I was working on writing my book yesterday afternoon (for those of you who live in my area and know how nice it was outside, I know...shame on me for being inside), and was working on a section that has to do with the Windows Recycle Bin. Most forensic analysts are likely familiar with the Recycle Bin and how it works, as well as with Keith Jones's excellent description of the Recycle Bin records (1, 2), so this is more than likely nothing new.

For the book, I wanted to throw together a little script that can be used to parse the INFO2 file, in order to illustrate some concepts that I am trying to convey in section. To my surprise, it was easier than I thought...I got something put together that works amazingly well - my only stumbling block at this point is how to present the data in such a way as to be useful to widest range of folks.

This just shows how useful a little bit of programming skill can be. Something I've been thinking about adding to my list of ProDiscover ProScripts is a script that will go through the Recycler directory and look for files that are out of place...not only files that are in the Recycler directory itself, but those that are in the user's deleted files but not listed in the INFO2 file.

Way Too Funny
Okay, now this is just way too funny...I was doing a search on Amazon to see if my next book is up for early order yet (my publisher said that it would be soon), and I ran across my master's thesis! If you're suffering from insomnia, it's well worth the price to grab a copy of this thesis...I used video teleconferencing traffic to verify the fractal nature of ethernet traffic, so that real statistical models could be used (rather than assumed) for constructing buffers on switches at the edge of ATM clouds.

Anyway, this was really "back in the day" (re: 1996). I was using Java (which, with the help of O'Reilly, I had taught myself) to write an SNMP application to poll Cisco routers for traffic data. I then used MatLab to perform statistical analysis tests of the data to determine its "burstiness" and verify its fractal nature. The video conferencing came in because it allowed me to generate data...I could sit in front of one camera, across the room from the other camera, and have measurable traffic generated across the network. At the time, Notepad was my Java IDE...this was before IBM's Java IDE came out (I saw my first copy of the IBM Java IDE at the end of July, 1997).

Something new from ISC
There were a couple of items I found interesting on the SANS Internet Storm Center handler's diary recently.

One was this item about malware that uses a commercial tool to detect the existence of a virtual machine. Very interesting.

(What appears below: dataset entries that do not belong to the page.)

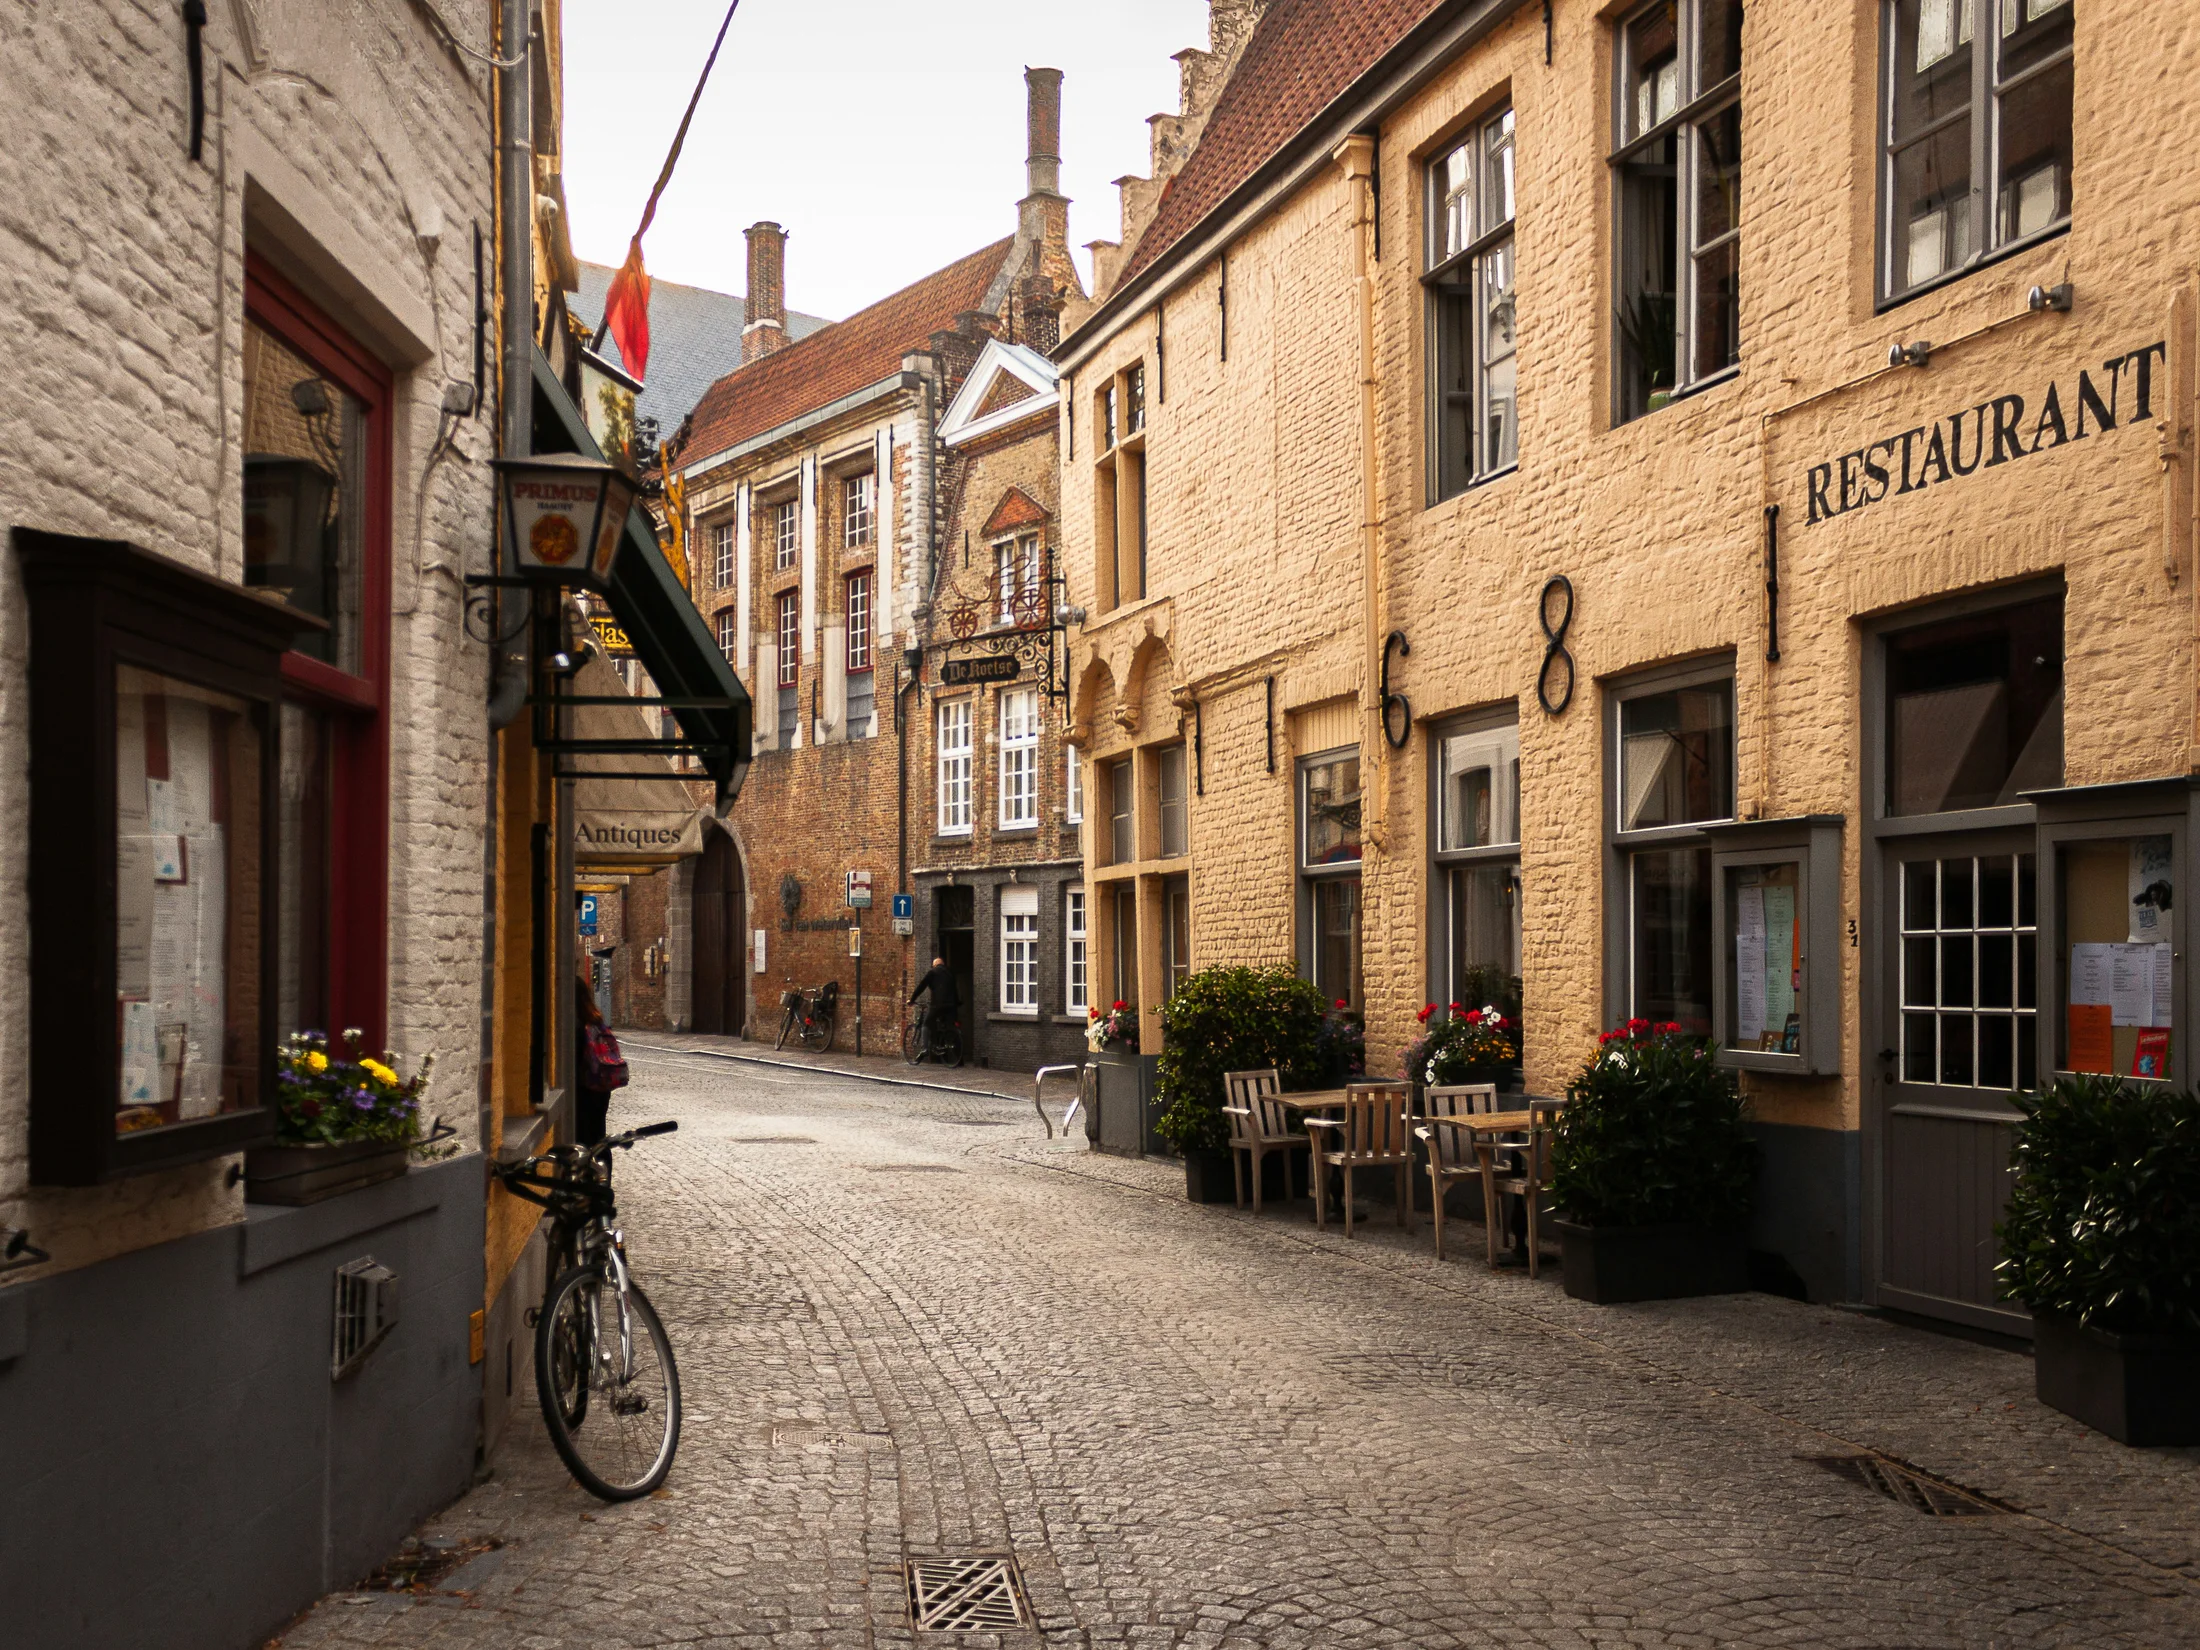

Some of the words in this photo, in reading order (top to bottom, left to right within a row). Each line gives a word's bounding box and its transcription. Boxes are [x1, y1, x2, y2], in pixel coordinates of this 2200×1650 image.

[1804, 340, 2167, 528] RESTAURANT
[513, 483, 599, 502] PRIMUS
[948, 662, 966, 682] De
[1381, 630, 1411, 749] 6
[1538, 573, 1575, 715] 8
[574, 822, 681, 849] Antiques
[581, 900, 595, 920] P

Another is this writeup on the FreeVideo Player Trojan, submitted by Brian Eckman (the writeup also appears on SecGeeks and, among other locations). Brian's writeup is thorough and very comprehensive...I like seeing this sort of thing posted, as it's a nice break to see a submission like this. Brian put a lot of work into the writeup, and looked at a variety of areas on the system that were affected by this malware.

The one question I have (and would have for anyone) is this statement that was made:

Further analysis shows that this appears to inject itself into running processes.

Given the rest of the writeup, there really isn't anything that specifically states how Brian determined this. I'm sure we can come up with a variety of assumptions as to how he did it, or how we would go about doing it, but I'd like to hear from the author. I'm going to submit that as a question to him, and I'll let you know what I find out.

Friday, November 17, 2006

How do you do that voodoo that you do?

After reading through the SecuriTeam documents, and then reading this SANS ISC post, I have to admit, incident response can be extremely complex. This is particularly true if the bad guys catch you with your pants down (figuratively, or hey, even literally). From the SecuriTeam write-ups, we get an insight into how systems are targetted...via Google searches (with books such as Google Hacking from Johnny Long, there's really no big mystery to this) and even freely available vulnerability scanning tools.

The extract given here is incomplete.